Colon cancer development and malignant progression are driven by genetic and epigenetic alterations in tumor cells and by factors from the tumor microenvironment. Cancer cells become reliant on the activity of specific oncogenes and on prosurvival and proliferative signals they receive from the abnormal environment they create and reside in. Accordingly, the response to anticancer therapy is determined by genetic and epigenetic changes that are intrinsic to tumor cells and by the factors present in the tumor microenvironment. Recent advances in the understanding of the involvement of the tumor microenvironment in tumor progression and therapeutic response are optimizing the application of prognostic and predictive factors in colon cancer. Moreover, new targets in the tumor microenvironment that are amenable to therapeutic intervention have been identified. Because stromal cells are with rare exceptions genetically stable, the tumor microenvironment has emerged as a preferred target for therapeutic drugs. In this review, we discuss the role of stromal fibroblasts and macrophages in colon cancer progression and in the response of colon cancer patients to therapy.

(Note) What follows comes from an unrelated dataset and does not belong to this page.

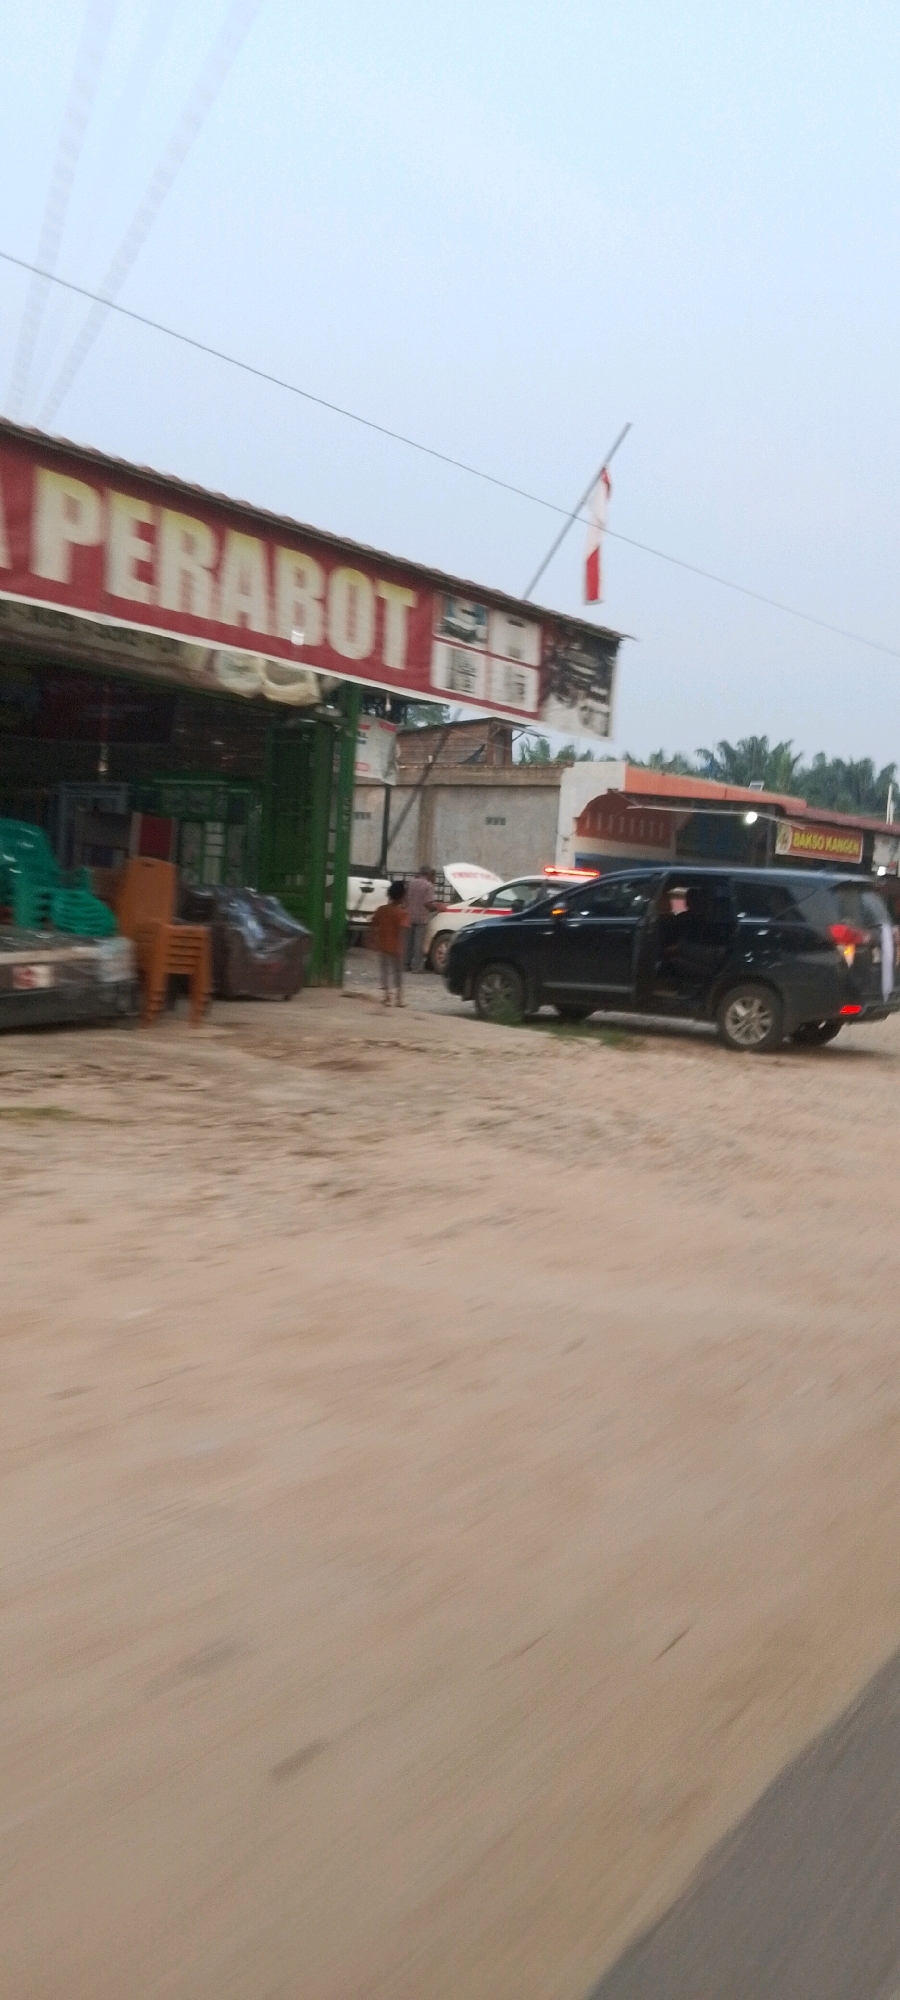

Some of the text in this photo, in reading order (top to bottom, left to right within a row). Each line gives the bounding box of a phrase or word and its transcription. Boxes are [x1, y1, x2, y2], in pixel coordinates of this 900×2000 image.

Keywords: colon cancer; fibroblasts; macrophages; tumor microenvironment.

Figure 1

Interplay between tumor cells and stroma. Fibroblasts and macrophages secrete a variety of soluble factors that trigger oncogenic signaling in tumor cells (Wnt, STAT3, NF-κB), resulting in enhanced proliferation, migration, and resistance to therapy. Note that some factors (eg, TGFβ, IL-6) can be produced by both macrophages and fibroblasts. In turn, tumor cells can produce factors, such as TGFβ, IL-1β, and HGF (indicated by red arrows), that activate stromal cells.

Figure 2

Molecular classification of colon cancer into three main colon cancer subtypes (CCS). This approach is more accurate for guiding therapeutic decisions. For example, these classifications established that KRas mutations are not optimal criteria for the selection of patients for an anti-EGFR therapy, as the CCS3 patients fail to respond to EGFR inhibitors irrespective of the KRas status. Abbreviations: CIN, chromosomal instability; MSI, microsatellite instability; CIMP, CpG island methylator phenotype; EMT, epithelial–mesenchymal transition.

Figure 3

Macrophages promote 5FU-induced apoptosis. (A) HCT116 and HKe-3 cells were treated with 5FU (10 μM) in the absence or the presence of THP1 macrophages (Mo) or IL-1β as indicated and the extent of apoptosis was determined after 48 hours. (B) HCT116 cells were treated with 5FU (1 μM or 10 μM) in the absence or the presence of THP1 macrophages or IL-1β as indicated for 48 hours. Cell lysates were examined for the presence of cleaved PARP, cleaved caspase-7, p53, and p21 by immunoblotting.